> ASSIGNED TASK: Every record must be copied exactly. Leave nothing out.

Referring expression grounding data:
.....

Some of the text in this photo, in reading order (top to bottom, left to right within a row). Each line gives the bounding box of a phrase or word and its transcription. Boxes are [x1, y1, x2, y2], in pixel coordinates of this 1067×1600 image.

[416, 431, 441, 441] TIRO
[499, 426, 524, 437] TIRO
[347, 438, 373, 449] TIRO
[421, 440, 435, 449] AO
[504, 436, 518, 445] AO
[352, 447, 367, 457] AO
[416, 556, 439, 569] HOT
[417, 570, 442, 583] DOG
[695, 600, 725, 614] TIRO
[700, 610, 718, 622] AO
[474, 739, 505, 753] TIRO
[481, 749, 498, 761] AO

.....

> REPLY:
Some of the text in this photo, in reading order (top to bottom, left to right within a row). Each line gives the bounding box of a phrase or word and its transcription. Boxes are [x1, y1, x2, y2], in pixel coordinates of this 1067×1600 image.

[416, 431, 441, 441] TIRO
[499, 426, 524, 437] TIRO
[347, 438, 373, 449] TIRO
[421, 440, 435, 449] AO
[504, 436, 518, 445] AO
[352, 447, 367, 457] AO
[416, 556, 439, 569] HOT
[417, 570, 442, 583] DOG
[695, 600, 725, 614] TIRO
[700, 610, 718, 622] AO
[474, 739, 505, 753] TIRO
[481, 749, 498, 761] AO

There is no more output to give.